What does this have to do with VUI? Besides the obvious fact that the replicants have astonishing speech recognition capabilities (there's not a single "Sorry, I didn't understand" in the whole movie) there may be lessons for those who concern themselves with the design of the VUIs persona. I'll discuss the lessons in my next posting.

Thursday, June 14, 2007

800 GOOG 411

I tried Google's speech application for finding business phone numbers. I successfully found a business in Boulder, CO, in my first attempt. I'd need to work with it more before I passed judgment on how functional it is. What I found remarkable is the presentation. Here's the initial greeting.

"Calls recorded for quality. GOOG 411 experimental. What city and state?"

It's quick and businesslike. No effort to be cute or fancy. Let me be the first to say (at least I'm think I'm the first) that Google has apparently tried to capture the visual presentation of its web page in an auditory presentation. It succeeds. Its web page is just a white page with a logo, an input box, two buttons, and a small number of links. If you were trying to translate that visual presentation into a VUI you couldn't do a better job than Google has.

By being simple and almost terse, Google created a unique, differentiated experience. If its speech browser's performance is as good as its web site, it will have a winner.

Sunday, June 3, 2007

VUI best practices Pt. II - good or evil?

In my last entry I discussed one of the disadvantages of following user interface design guidelines: if the guidelines are poorly written then the quality of the designs based on the guidelines will suffer (and the interface designers who must follow the guidelines will push back). That much should be obvious. What about well-written guidelines? As pointed out in the previous entry, following even well-written design guidance have disadvantages.
  • The second danger of standards and guidelines: if taken as gospel, they constrain active thinking by the designers who rely on them.

Designers who make informed judgments about stepping outside of common practice to try something new are engaging in what Diego Rodriguez and Ryan Jacoby call "design thinking:" the act of taking risks in order to produce distinctive and usable products. Rodriquez and Jacoby's excellent article on design thinking asserts that designers take risks in order to learn and to excel, but mitigate risks using skills that should be in every designers skill set: prototyping, storytelling, and the ability to actively listen to customers.

So where does that leave user interface guidelines?

In fact, knowing when to ignore rules and push boundaries and when to re-use portions of previous designs and previous practice are both characteristics of good designers.
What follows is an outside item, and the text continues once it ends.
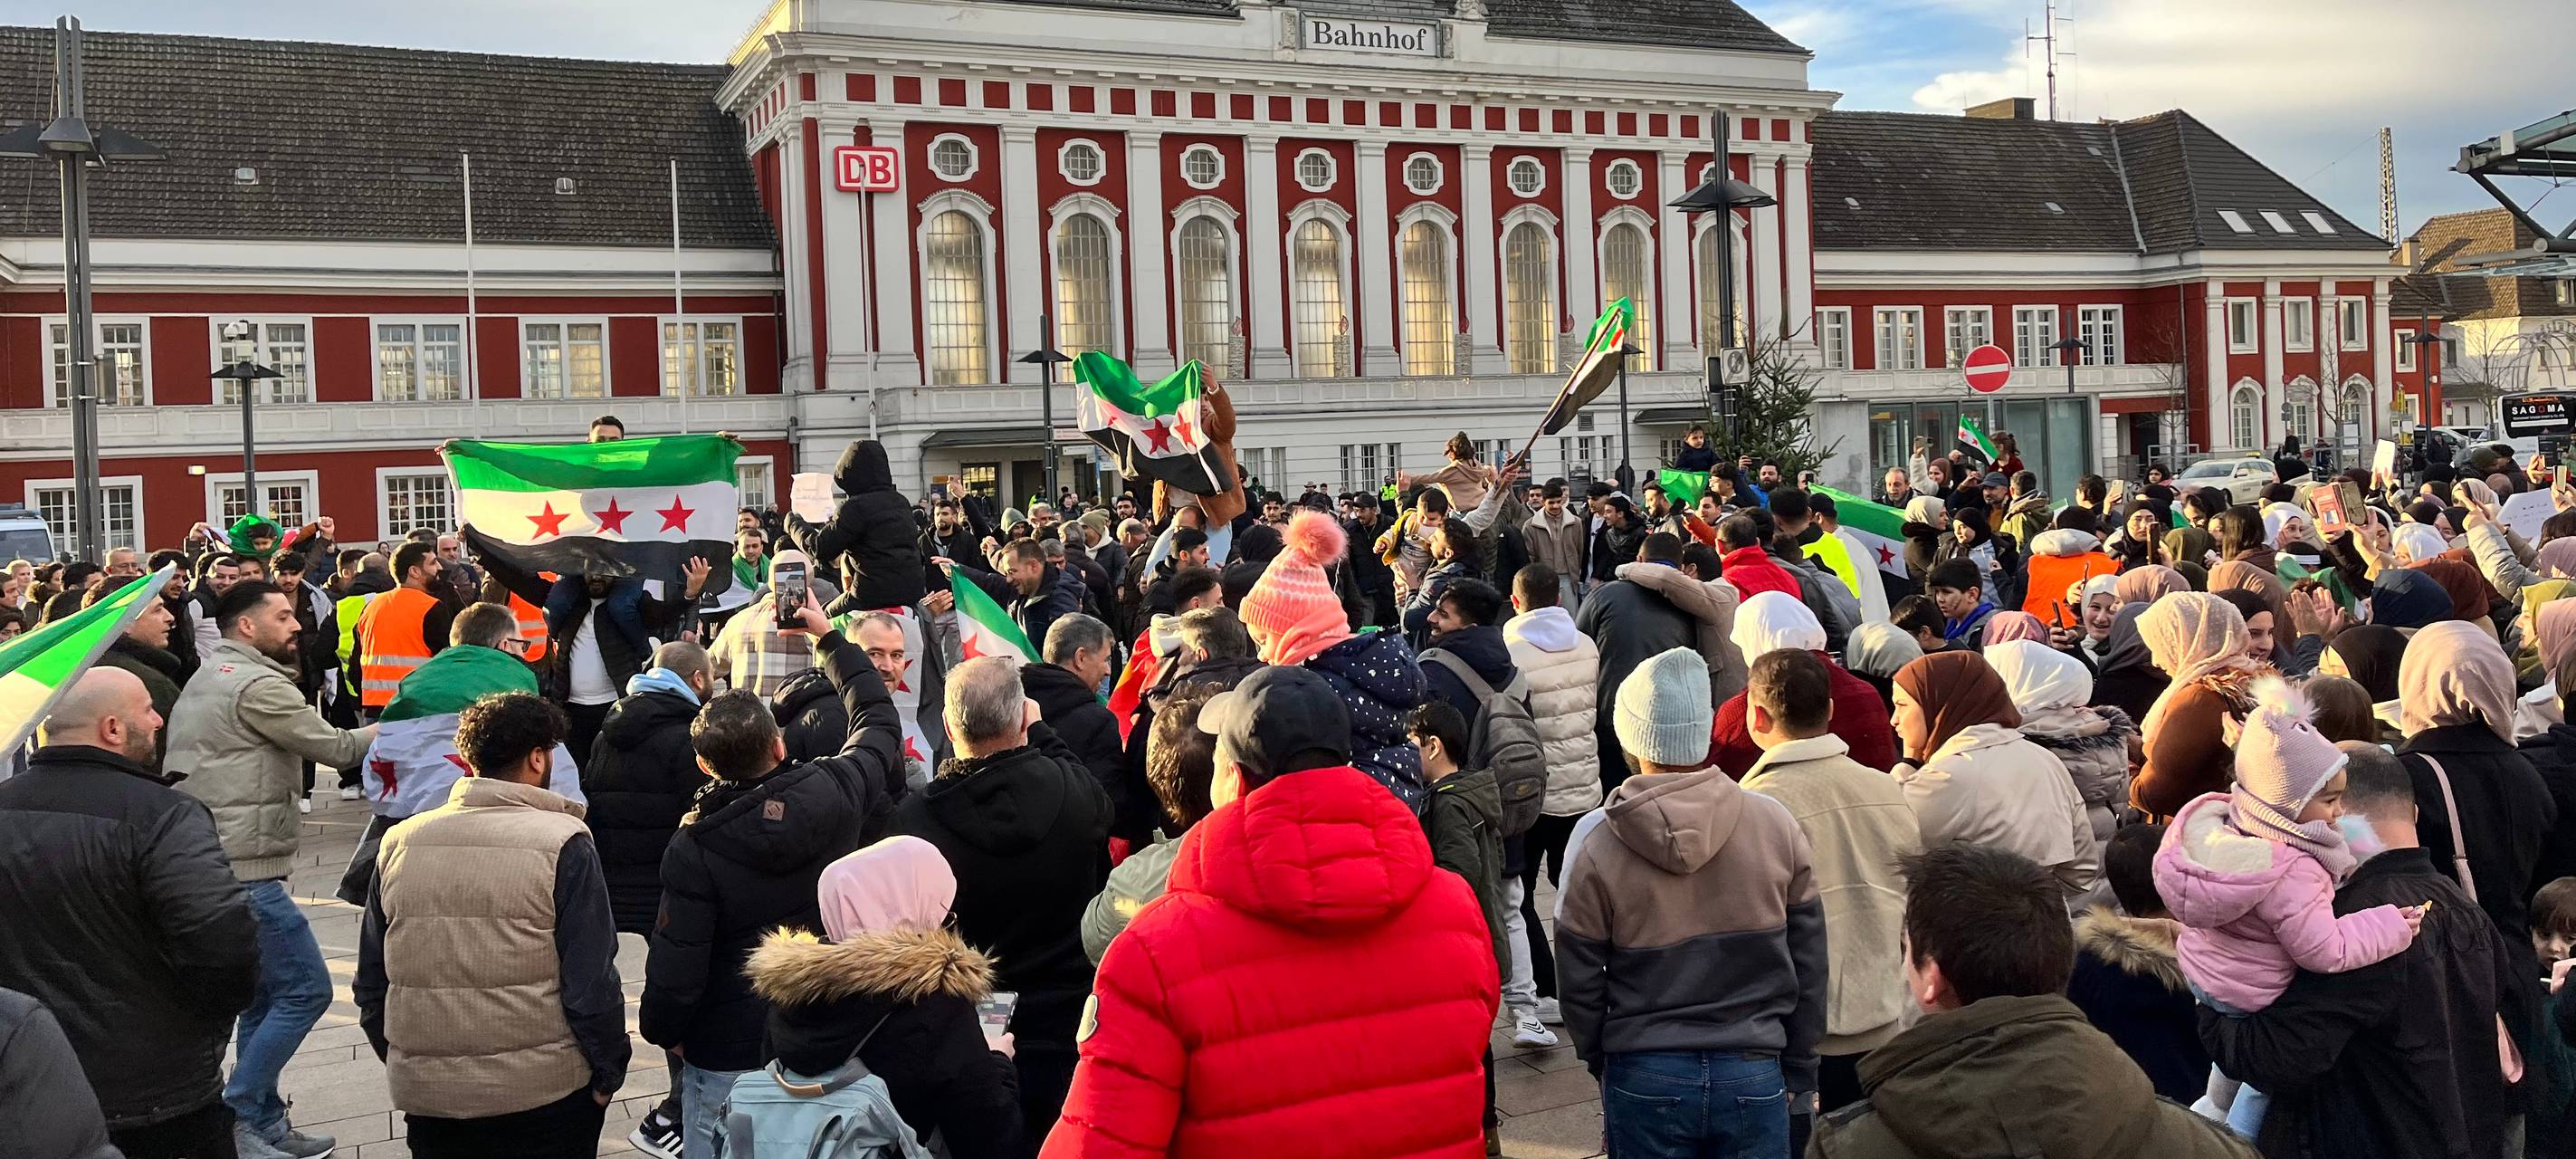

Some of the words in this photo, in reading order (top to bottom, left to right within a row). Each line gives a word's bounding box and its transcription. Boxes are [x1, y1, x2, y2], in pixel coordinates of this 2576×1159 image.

Well-written guidelines are one way that re-use is achieved, and re-use is generally a good thing. The best guidelines are created (designed) from user data and from practice. They're a way of capturing the experience designers have with their designers and putting it into a usable form. The trick is in knowing when to re-use and when to take a chance and design something truly novel.

The VUI design world, in particular, suffers from a lack of published, reliable data on which to make informed decisions about VUI design. Go to any CHI or HFES conference and you'll find loads of studies on web and GUI applications - those domains have been under investigation for years. Not so in VUI design. As some speakers at VUI conferences insist, we really do need better guidelines for design. Before we get there, though, we need more and better data.

Take home message: yes, "design thinking" is good. Guidelines can be misused if taken as gospel. But we need a way to re-use our successes without resorting to copying. That's design thinking as well.